Washington, 9 de julio de 2025 — Estados Unidos vive su mayor brote de sarampión en 33 años, con 1,288 casos confirmados en lo que va del año, informó el Centro para el Control y la Prevención de Enfermedades (CDC). Esta cifra supera incluso los 1,274 contagios registrados en 2019 y marca el nivel más alto desde 1992.
El epicentro del brote es el estado de Texas, donde se han detectado más de 750 casos, seguido por Nuevo México y Kansas. Según el CDC, el brote se originó en una comunidad menonita con bajas tasas de vacunación y actualmente se han identificado 27 brotes activos en 39 jurisdicciones del país, una cifra preocupante frente a los 16 brotes registrados en 2024.
La situación pone en riesgo el estatus de “eliminación del sarampión” que EE.UU. logró en el año 2000. Si la transmisión del virus persiste durante 12 meses consecutivos, el país podría perder esta clasificación.
Alarma por baja cobertura de vacunación
El brote ha revelado un desplome en la cobertura vacunal. El 92 % de los infectados no estaban vacunados o no tenían su estatus de vacunación confirmado. Solo un 4 % había recibido una dosis de la vacuna MMR (sarampión, paperas y rubéola), y otro 4 % contaba con el esquema completo de dos dosis.
La cobertura de vacunación infantil, que alcanzaba el 95 % en 2019-2020, cayó al 92.7 % en el ciclo escolar 2023–2024, por debajo del umbral mínimo del 95 % necesario para mantener la inmunidad comunitaria.
Consecuencias mortales y complicaciones graves
Hasta la fecha, el brote ha causado tres muertes: dos menores en Texas y un adulto en Nuevo México, las primeras víctimas fatales por sarampión en EE.UU. desde 2015. Además, al menos 160 personas han sido hospitalizadas, la mayoría niños pequeños y personas inmunodeprimidas.
“Estamos viendo complicaciones como neumonía, encefalitis y hospitalizaciones prolongadas, muchas de ellas evitables con vacunación”, alertó el epidemiólogo Peter Hotez.
Factores que alimentan el resurgimiento
Autoridades y expertos coinciden en que el aumento de casos responde a varios factores:
- Bajas tasas de vacunación en comunidades religiosas cerradas, como menonitas y algunos grupos judíos ortodoxos.
- Difusión de desinformación antivacunas por figuras públicas como Robert F. Kennedy Jr.
- Interrupciones en servicios de salud tras la pandemia de COVID-19.
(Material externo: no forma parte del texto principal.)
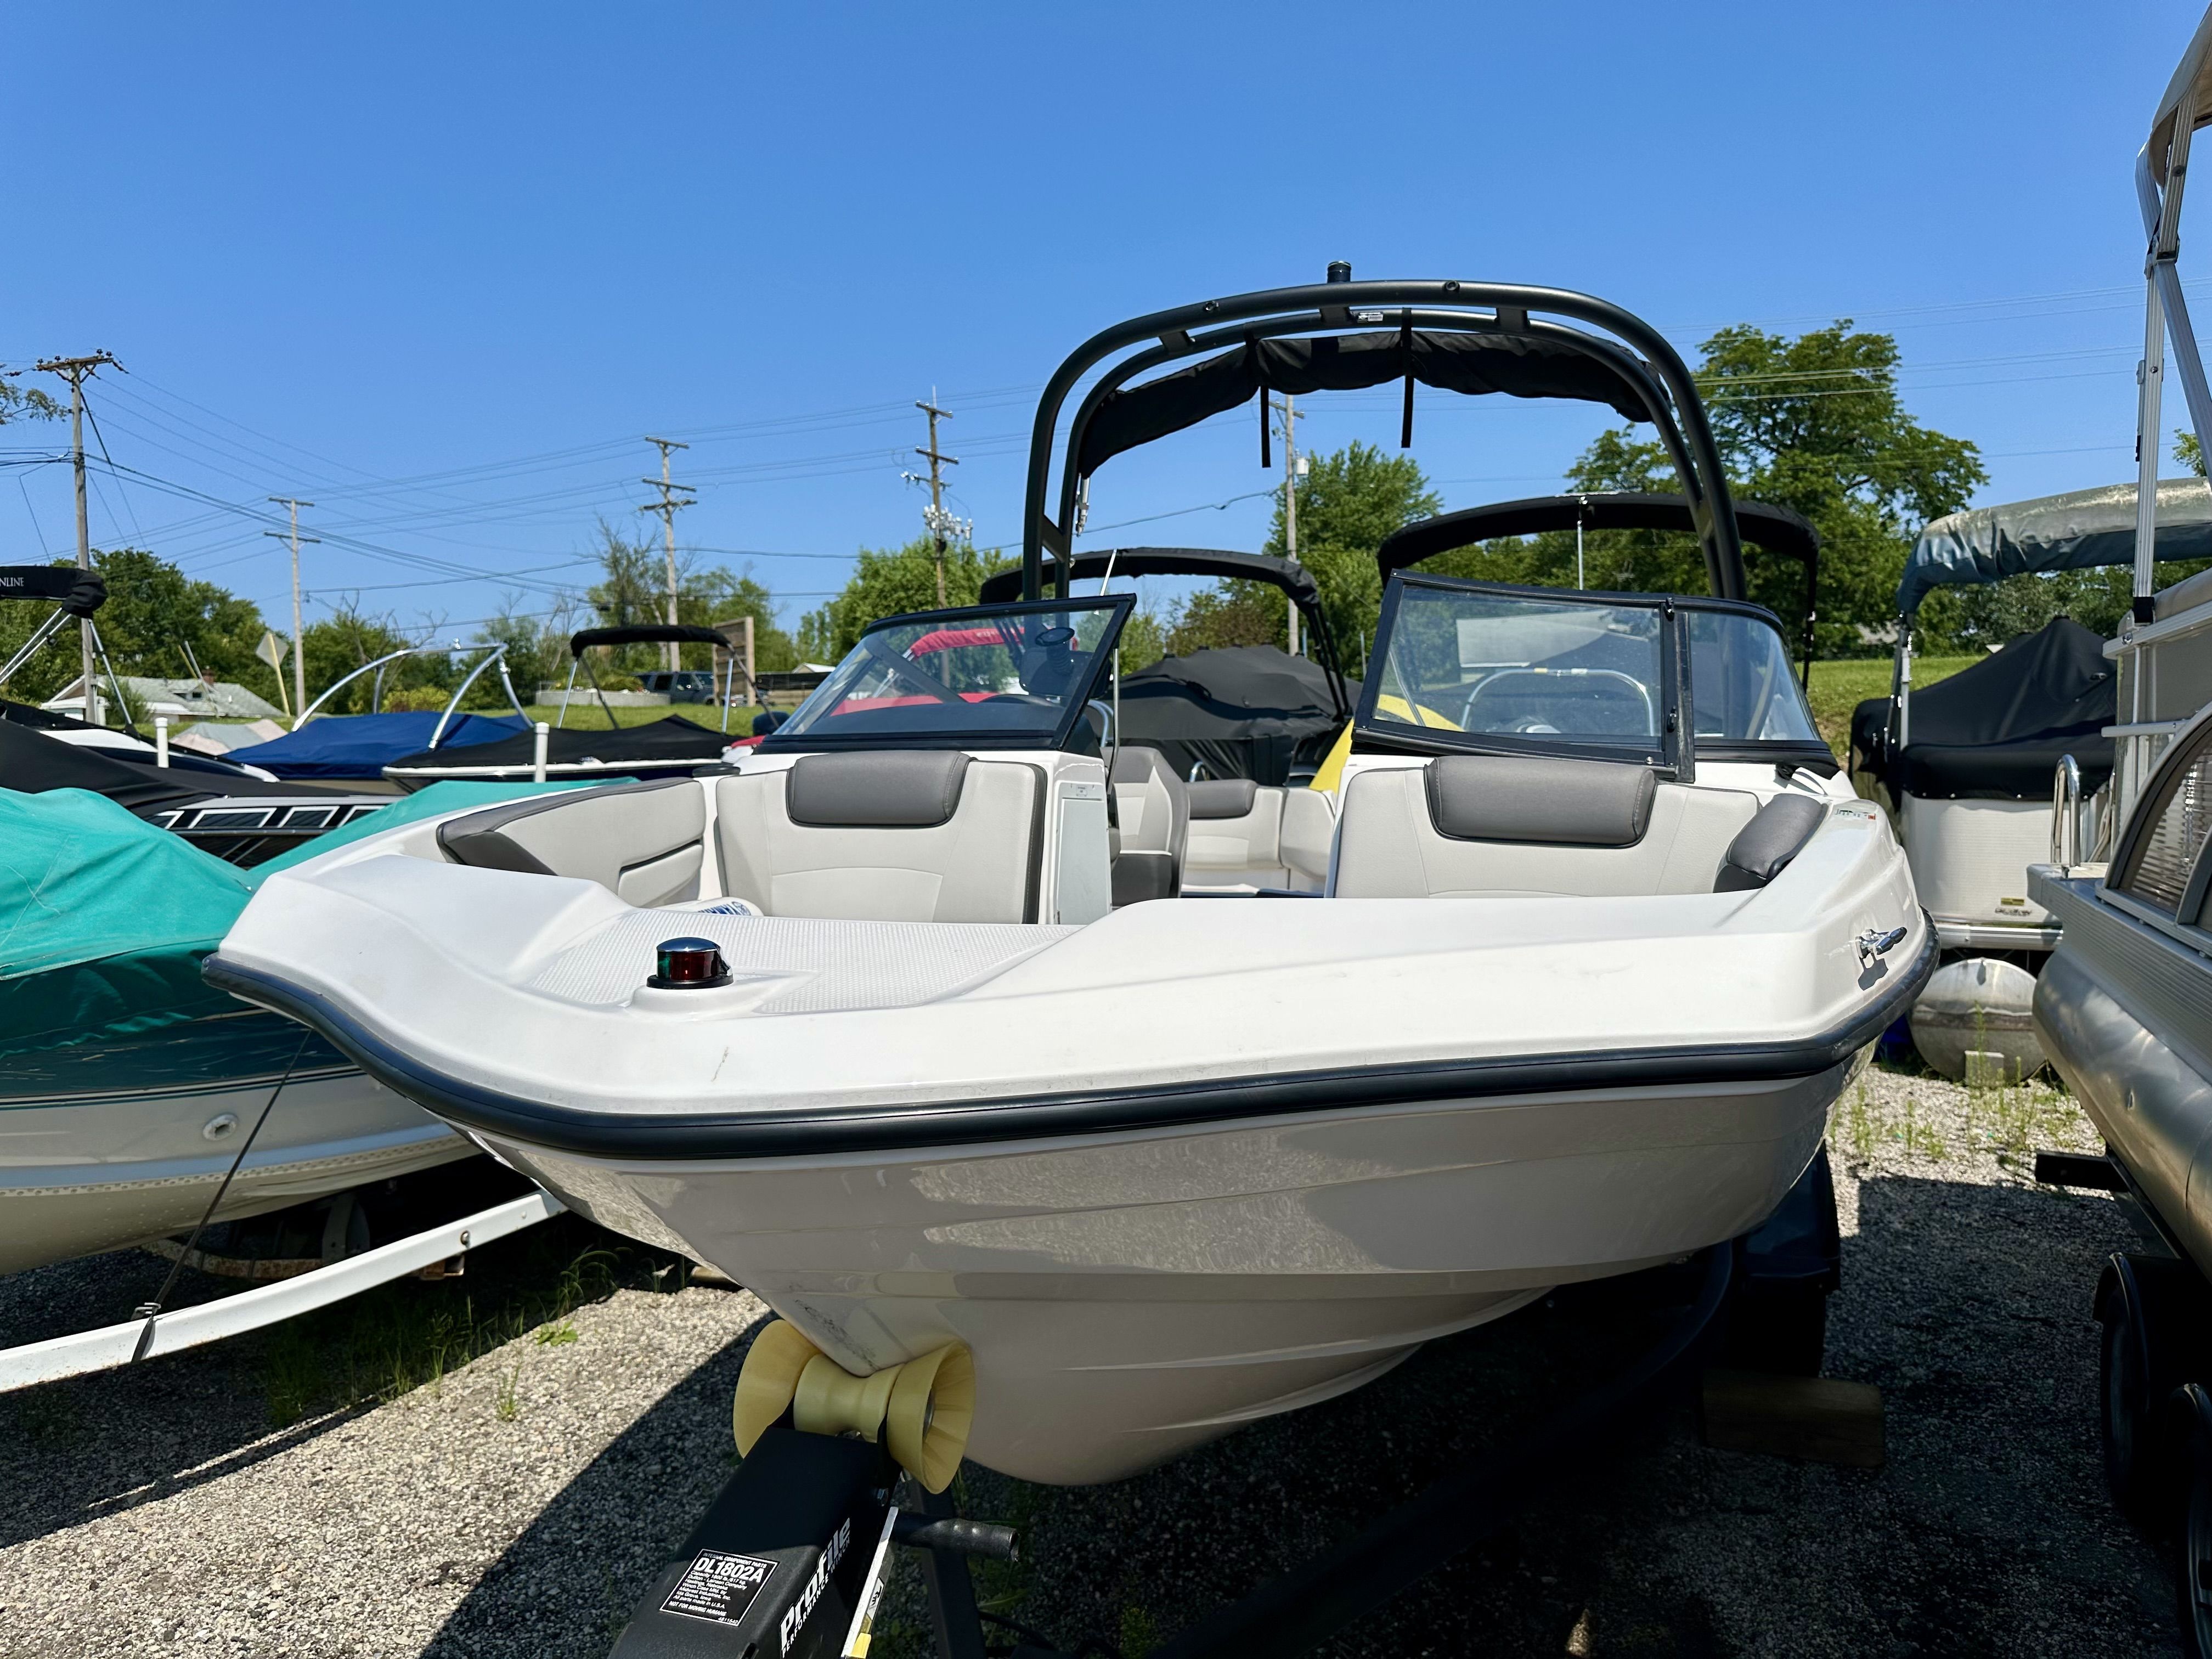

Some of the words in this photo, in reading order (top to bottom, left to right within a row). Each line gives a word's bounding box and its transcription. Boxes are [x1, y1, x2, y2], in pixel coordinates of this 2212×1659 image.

[693, 1558, 764, 1582] DL1802A
[781, 1517, 850, 1651] Profile
[782, 1573, 829, 1658] PERFORMANCE
[830, 1536, 850, 1573] WINCH
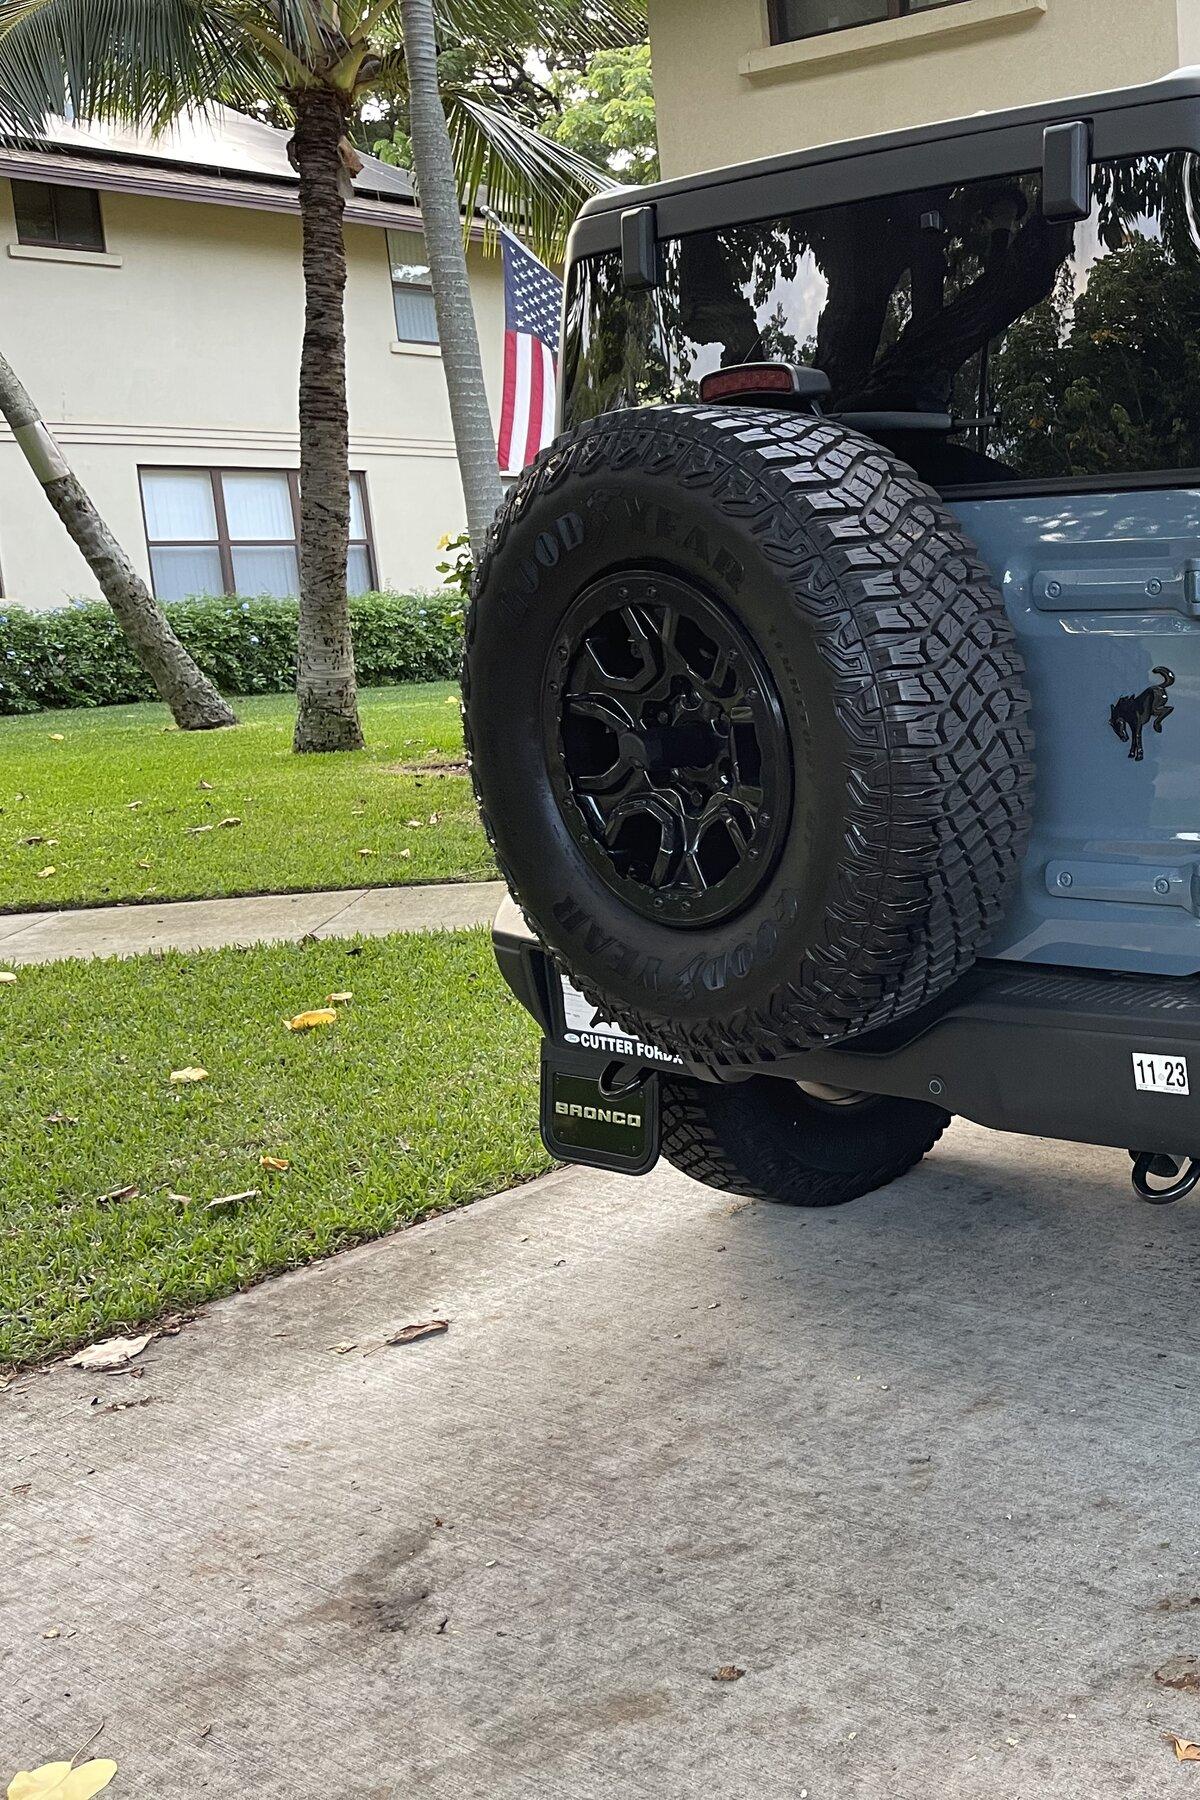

- Aumento de viajes internacionales y brotes en países vecinos como México y Canadá.
“El sarampión no respeta fronteras ni creencias. Si bajamos la guardia, volveremos a las cifras de antes del año 2000”, advirtió el doctor José Romero, exdirector interino del CDC.
Llamado urgente a reforzar la vacunación
Ante esta crisis, el Departamento de Salud y Servicios Humanos de EE.UU., en coordinación con el CDC, ha intensificado las campañas de inmunización y enviado vacunas, personal médico y pruebas de laboratorio a las zonas más afectadas.
“La vacuna MMR ofrece una protección del 93 % con una dosis y del 97 % con dos. El momento de actuar es ahora. Si no controlamos la transmisión, podríamos perder décadas de avances”, concluyó la doctora Demetre Daskalakis, directora de la División de Enfermedades Inmunoprevenibles del CDC.